TO DO —
Could you return the listing below exactly, with every line intact?
════════════════════
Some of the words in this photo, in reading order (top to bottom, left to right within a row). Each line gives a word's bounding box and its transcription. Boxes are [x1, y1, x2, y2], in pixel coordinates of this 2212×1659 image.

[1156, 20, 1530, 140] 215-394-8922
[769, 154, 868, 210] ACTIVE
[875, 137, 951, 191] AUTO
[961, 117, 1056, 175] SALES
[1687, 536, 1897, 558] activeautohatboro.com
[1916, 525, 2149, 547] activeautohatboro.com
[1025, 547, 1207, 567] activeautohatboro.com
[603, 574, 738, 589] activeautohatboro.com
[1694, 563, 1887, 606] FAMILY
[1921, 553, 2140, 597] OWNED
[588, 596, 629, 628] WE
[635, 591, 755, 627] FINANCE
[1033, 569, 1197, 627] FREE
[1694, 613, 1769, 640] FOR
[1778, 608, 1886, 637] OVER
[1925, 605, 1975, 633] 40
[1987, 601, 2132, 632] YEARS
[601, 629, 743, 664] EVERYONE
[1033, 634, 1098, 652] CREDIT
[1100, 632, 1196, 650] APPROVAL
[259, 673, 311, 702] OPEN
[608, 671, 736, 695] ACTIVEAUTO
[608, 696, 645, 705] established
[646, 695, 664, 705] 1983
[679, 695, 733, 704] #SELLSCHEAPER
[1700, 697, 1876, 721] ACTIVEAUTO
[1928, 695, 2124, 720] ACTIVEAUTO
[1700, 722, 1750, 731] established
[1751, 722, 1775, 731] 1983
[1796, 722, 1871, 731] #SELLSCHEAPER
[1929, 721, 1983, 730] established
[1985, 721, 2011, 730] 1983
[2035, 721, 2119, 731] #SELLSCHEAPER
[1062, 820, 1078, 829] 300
════════════════════
RESULT —
Some of the words in this photo, in reading order (top to bottom, left to right within a row). Each line gives a word's bounding box and its transcription. Boxes are [x1, y1, x2, y2], in pixel coordinates of this 2212×1659 image.

[1156, 20, 1530, 140] 215-394-8922
[769, 154, 868, 210] ACTIVE
[875, 137, 951, 191] AUTO
[961, 117, 1056, 175] SALES
[1687, 536, 1897, 558] activeautohatboro.com
[1916, 525, 2149, 547] activeautohatboro.com
[1025, 547, 1207, 567] activeautohatboro.com
[603, 574, 738, 589] activeautohatboro.com
[1694, 563, 1887, 606] FAMILY
[1921, 553, 2140, 597] OWNED
[588, 596, 629, 628] WE
[635, 591, 755, 627] FINANCE
[1033, 569, 1197, 627] FREE
[1694, 613, 1769, 640] FOR
[1778, 608, 1886, 637] OVER
[1925, 605, 1975, 633] 40
[1987, 601, 2132, 632] YEARS
[601, 629, 743, 664] EVERYONE
[1033, 634, 1098, 652] CREDIT
[1100, 632, 1196, 650] APPROVAL
[259, 673, 311, 702] OPEN
[608, 671, 736, 695] ACTIVEAUTO
[608, 696, 645, 705] established
[646, 695, 664, 705] 1983
[679, 695, 733, 704] #SELLSCHEAPER
[1700, 697, 1876, 721] ACTIVEAUTO
[1928, 695, 2124, 720] ACTIVEAUTO
[1700, 722, 1750, 731] established
[1751, 722, 1775, 731] 1983
[1796, 722, 1871, 731] #SELLSCHEAPER
[1929, 721, 1983, 730] established
[1985, 721, 2011, 730] 1983
[2035, 721, 2119, 731] #SELLSCHEAPER
[1062, 820, 1078, 829] 300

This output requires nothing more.